Of course there are programers (pseudo-programmers) who do not understand the logic of the structure of the folder public_html or www in hosting and create a .htaccess without having much understanding about it, which can sometimes end up allowing access to the .env via URL http://site/.env

Now you know what you’re doing, that your .ini will be isolated in a place that only scripts and the administrator will be able to access so there would be no problem.

Of course you can also choose to create a .php with define, for example:

There’s a file called config.php with this content:

<?php
define('DB_HOST', '12*.***.***');
define('DB_USER', 'foo');
define('DB_PASS', 'bar');
define('DB_MAIN', 'banco');

Then it should be included in all main scripts with:

<?php

require_once 'config.php';

...

In mysql would use something like (just an approximate example):

 $link = mysqli_connect(DB_HOST, DB_USER, DB_PASS, DB_MAIN);

PDO (just an approximate example):

 $dbh = new PDO('mysql:host=' + DB_HOST + ';dbname=' + DB_MAIN, DB_USER, DB_PASS);

So if the user accesses via URL http://site/config.php only one blank page will be visible.

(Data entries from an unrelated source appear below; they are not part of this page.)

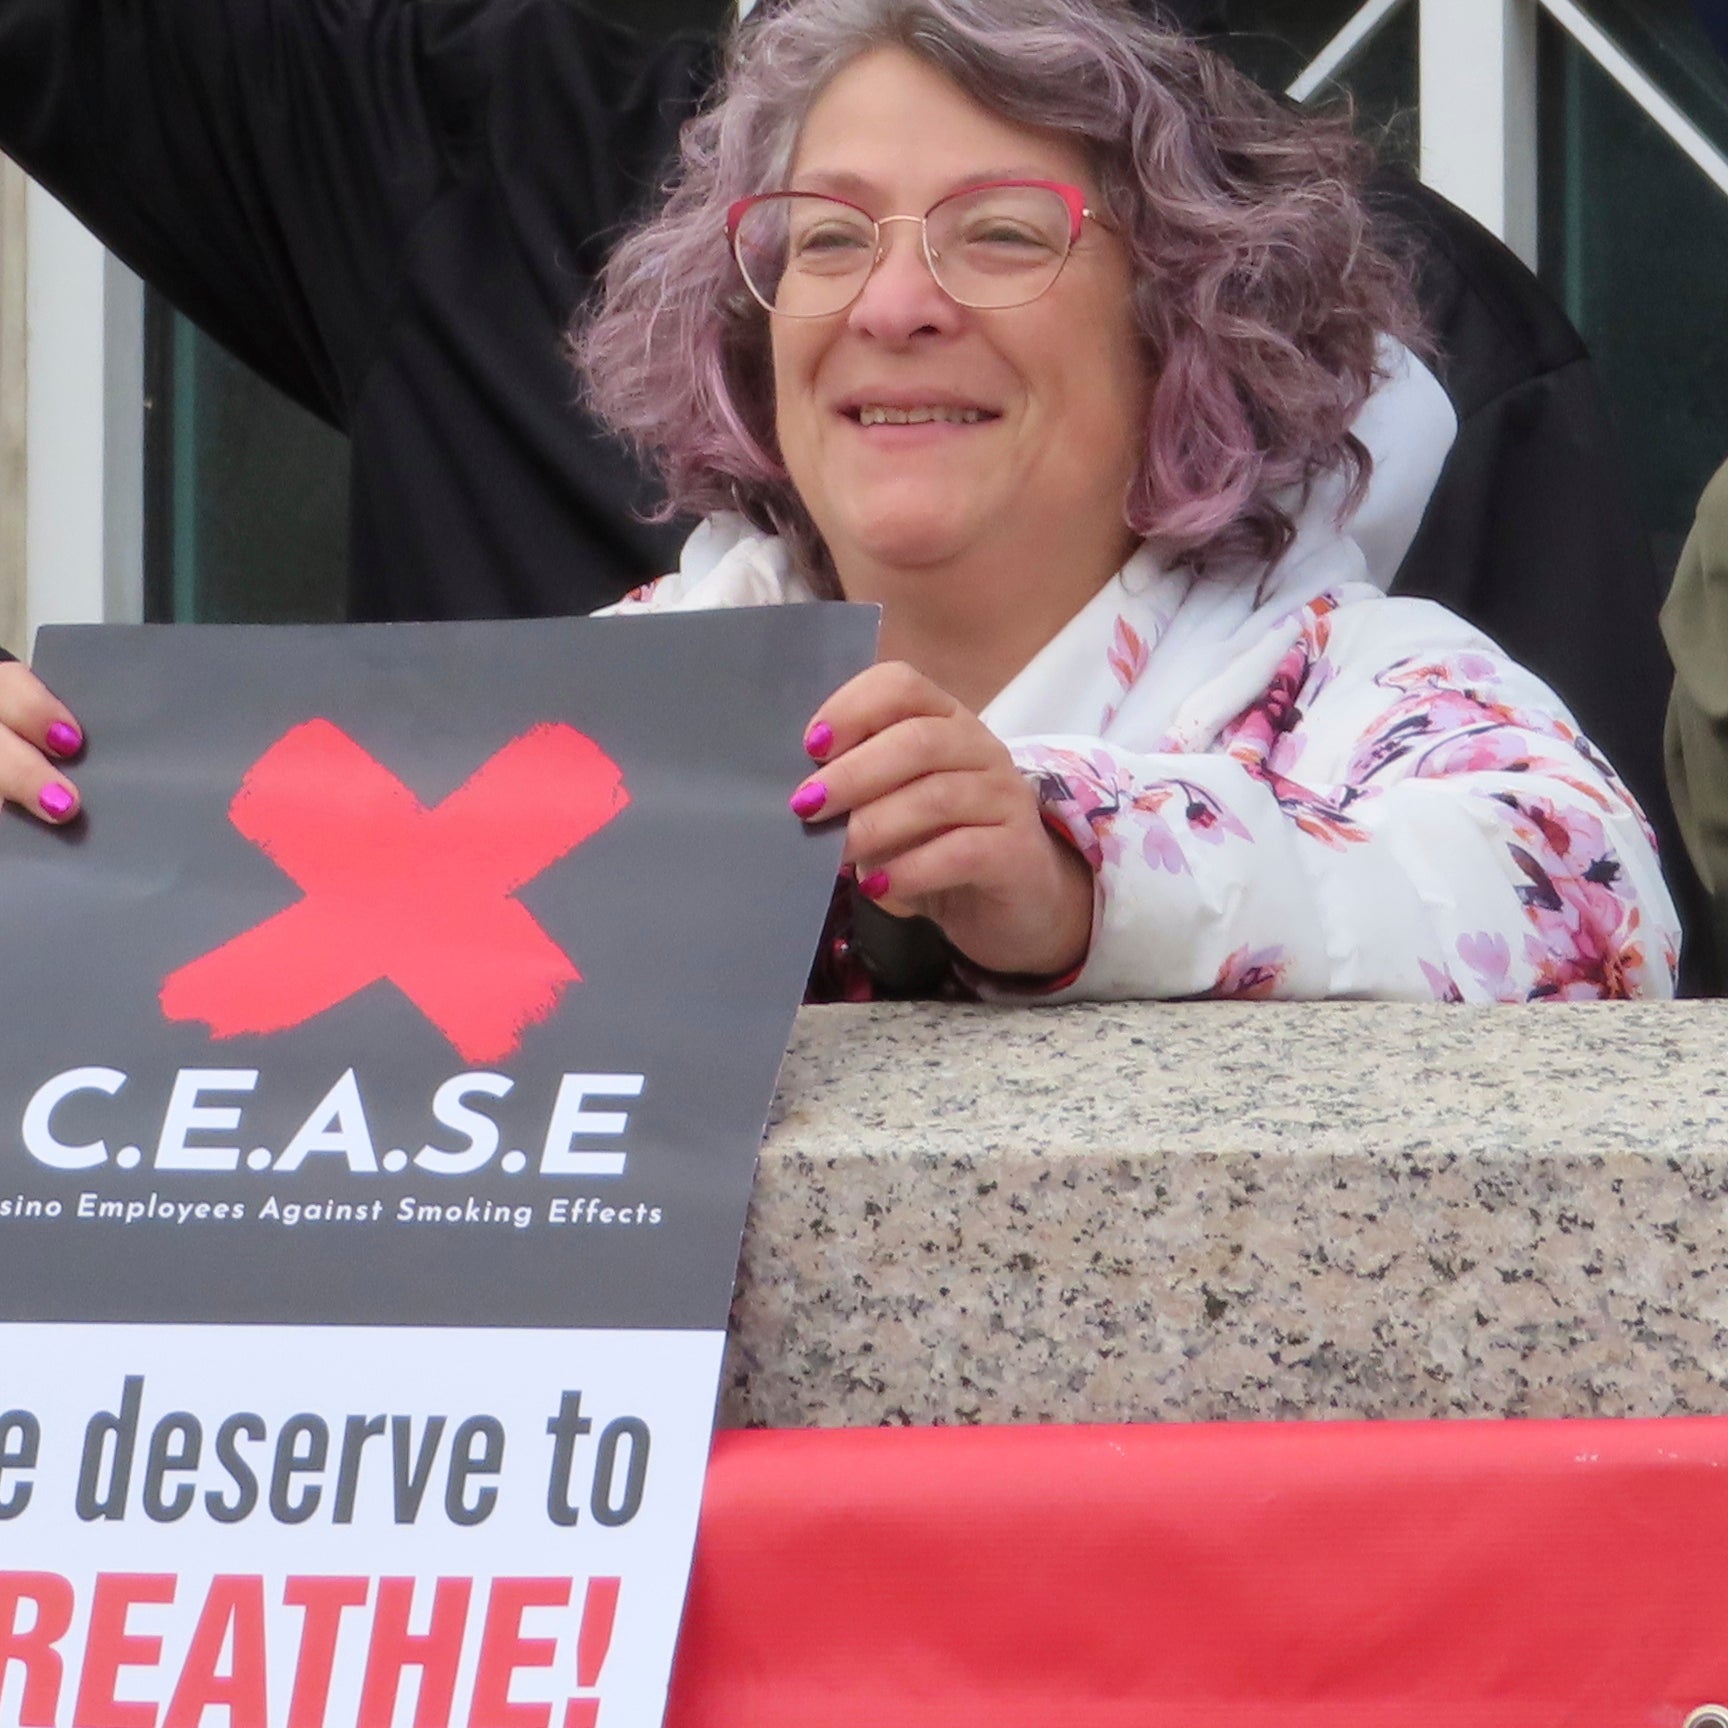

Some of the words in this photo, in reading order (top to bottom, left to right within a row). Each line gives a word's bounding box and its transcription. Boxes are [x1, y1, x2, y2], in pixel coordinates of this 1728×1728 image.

[21, 1066, 646, 1177] C.E.A.S.E
[77, 1193, 245, 1224] Employees
[258, 1195, 384, 1227] Against
[396, 1197, 532, 1228] Smoking
[548, 1199, 663, 1226] Effects
[74, 1374, 505, 1527] deserve
[546, 1390, 652, 1528] to

One important thing to do is to always turn off the errors in the output and keep only in the log by sitting in php.ini:

 display_errors=off

This is because some debuggers, such as Laravel and other frameworks can display parts of the code, in fact it is a huge mistake to turn on the debuggers in production (on your hosting server), debuggers should be used only in safe environments, as on your machine.